I had to forgive so many people. People in my own extended family, and friends, for not knowing what to say or for not being there in the way I wanted or needed. Recently, a friend who was like a brother to me and who disappeared from my life soon after Don died, came back into my life again. We talked it through and we got emotional and we dug deep into it, and it was a hard conversation (or three) to have, but once again, I heard my husband’s voice, telling me: “It’s time, Boo. Just listen to what he has to say.” Tonight, I met up with him and our small close group of friends from before my husband died, and I saw him for the first time in over four years. I was so nervous, and scared, and really really excited to have my friend back, but in a completely different way. Our meetup went very, very well. It was like old times again, but yet not. We all felt Don’s presence there with us, almost as if he was the one who brought us back together. The whole night I just wanted to cry, because it just felt so damn good to be with my friends again. It was like a huge sigh of relief.

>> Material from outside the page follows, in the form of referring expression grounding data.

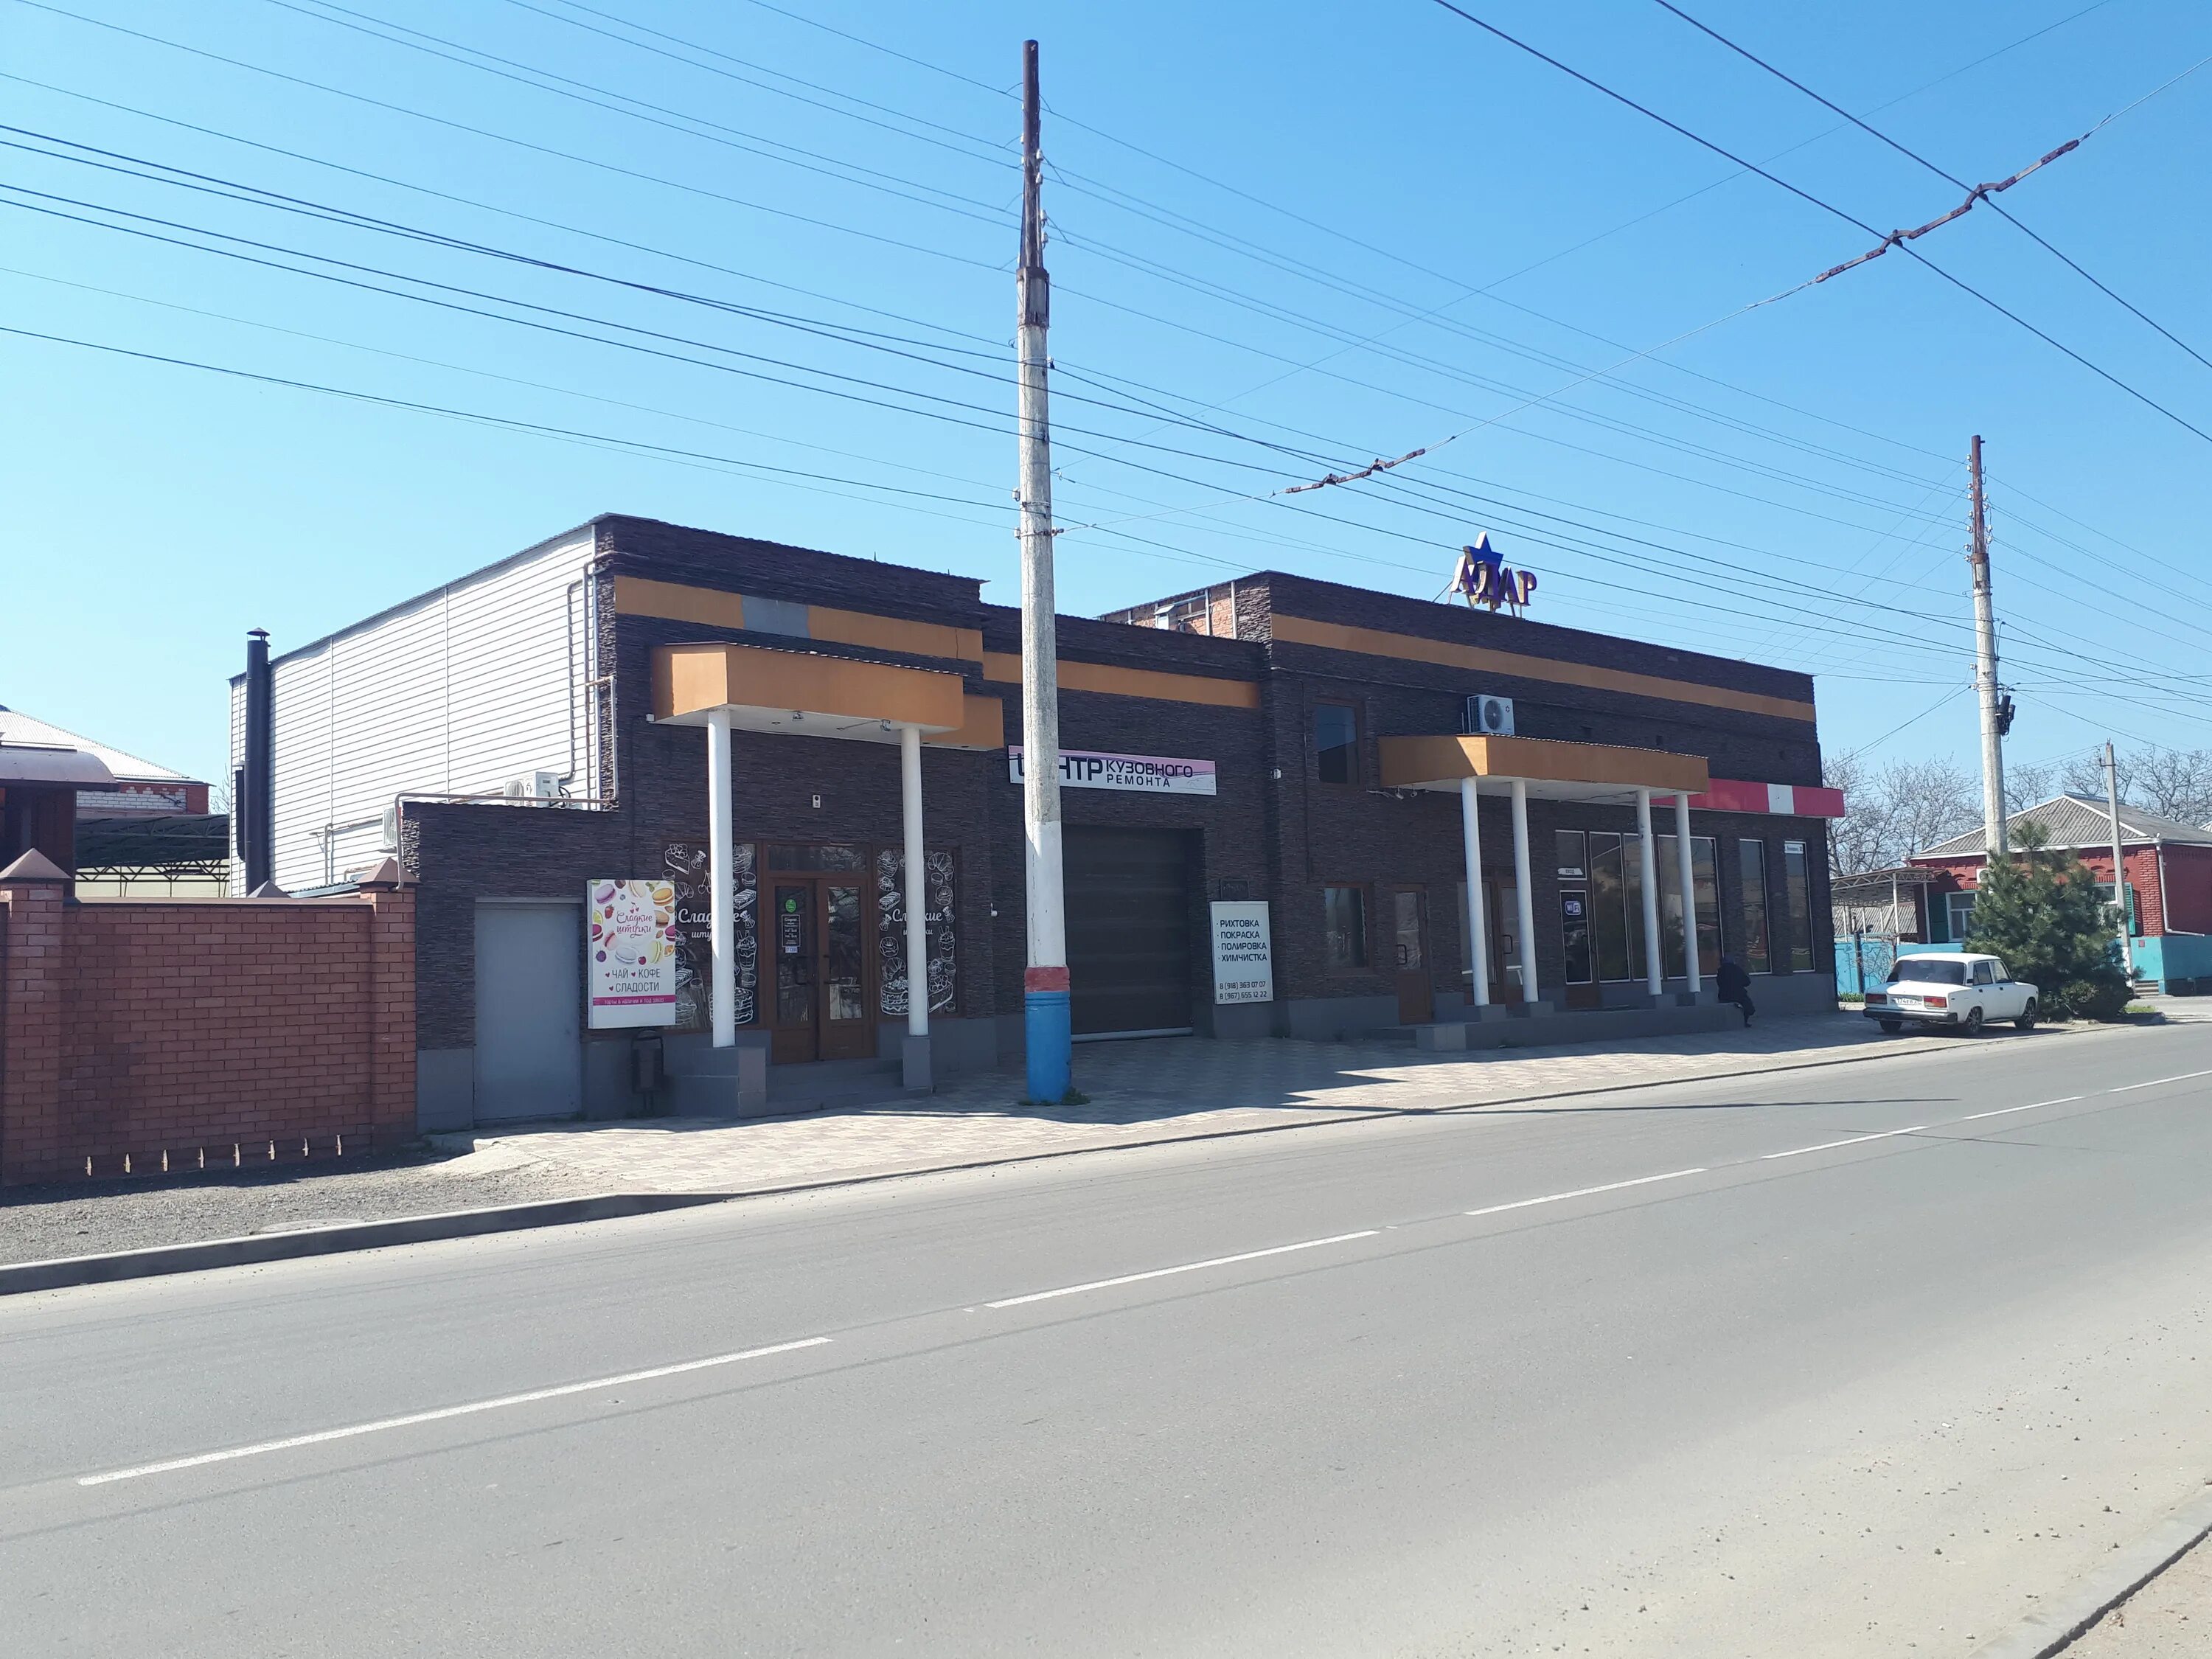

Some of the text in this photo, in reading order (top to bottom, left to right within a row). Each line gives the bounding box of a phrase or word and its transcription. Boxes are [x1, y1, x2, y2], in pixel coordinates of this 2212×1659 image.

[1018, 753, 1193, 781] НТР КУЗОВНОГО
[1107, 773, 1171, 787] РЕМОНТА
[616, 911, 653, 926] Сладкие
[678, 908, 741, 929] Сладе
[1220, 919, 1259, 928] РИХТОВКА
[616, 925, 651, 939] штучки
[1221, 942, 1267, 950] ПОЛИРОВКА
[1222, 953, 1267, 961] ХИМЧИСТКА
[612, 968, 661, 978] ЧАЙ КОФЕ
[616, 982, 659, 992] СЛАДОСТИ
[1225, 982, 1238, 990] (918)

Forgiveness is so hard. Its one of the hardest things in life. I never really understood why, until this week, when I read an excerpt from Brene Brown’s latest book, that gave me goosebumps everywhere on my body, and suddenly it all made sense. For those unfamiliar, Dr.Brene’ Brown is an author, brilliant speaker, (look up her many TED talks), therapist, and researcher. She researches human emotions – things like anger, grief, empathy, shame, and forgiveness. She actually takes something like shame, and interviews thousands of people about it, and researches it, like science, to then break it down and figure it out. This amazes me. Her words have always moved me, but after losing Don to sudden death, they sometimes became a lifeline. This is the passage that made me go “WOAH!”, and that made me see forgiveness in a whole new light:
“In order for forgiveness to happen, something has to die. Forgiveness is so difficult for this reason, because it involves death and grief. The death, or ending, that forgiveness necessitates, comes in many shapes and forms. We may need to bury our expectations , or maybe our dreams about something. But whatever it is, it has to die. It has to be grieved. Forgiveness is not forgetting or walking away from accountability, or condoning a hurtful act. It is the process of taking back and healing our lives, so that we can truly live. So the question then becomes: What has to end or die so that we can experience a rebirth in our relationships?”

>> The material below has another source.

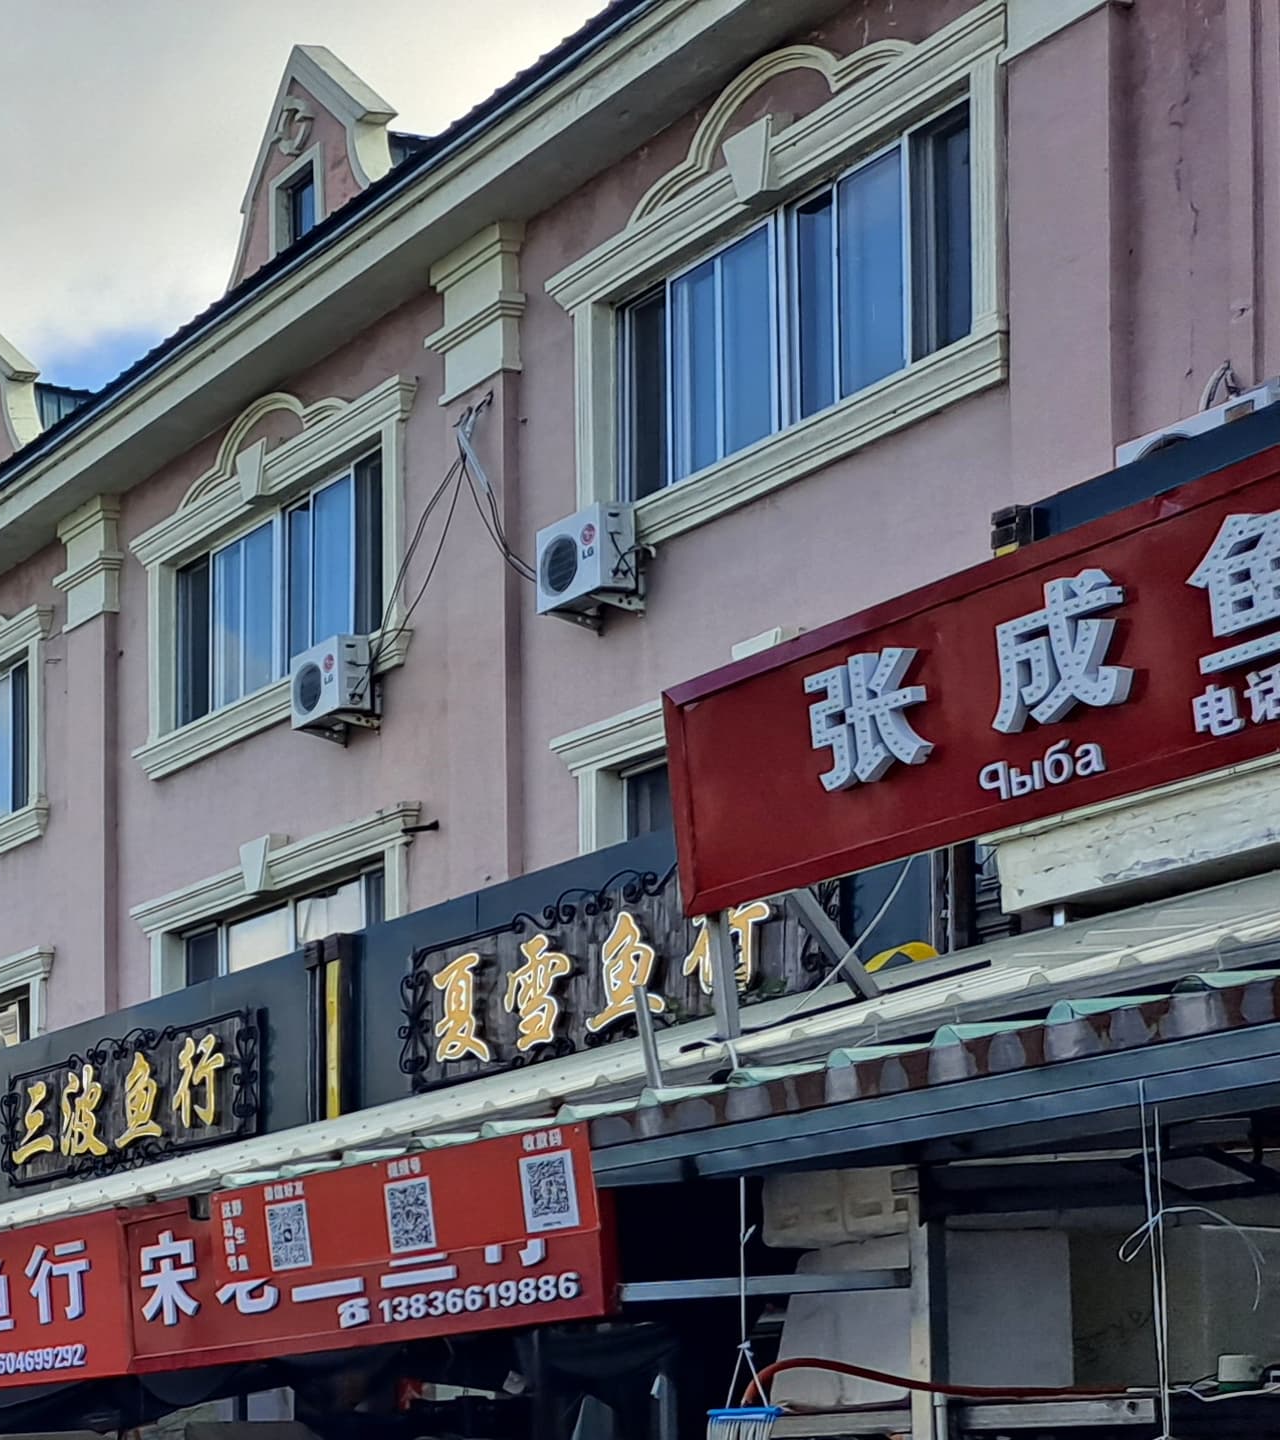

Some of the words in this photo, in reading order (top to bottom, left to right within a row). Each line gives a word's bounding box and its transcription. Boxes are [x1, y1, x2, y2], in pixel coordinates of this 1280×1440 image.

[582, 546, 595, 560] LG
[323, 673, 335, 685] LG
[12, 1032, 226, 1165] 三波鱼行
[378, 1272, 580, 1323] 13836619886

I never saw forgiveness as connected with grief before, and that understanding of it has changed everything for me. Now that I get why it is so difficult to forgive, and that it actually involves grieving and allowing something to die in order for something else to be born, I can more easily move forward with making the choice to forgive. Every day when I wake up, I wake up in a new way. I am learning, and always in the midst of becoming, whoever it is, I am going to be. Thanks for reading.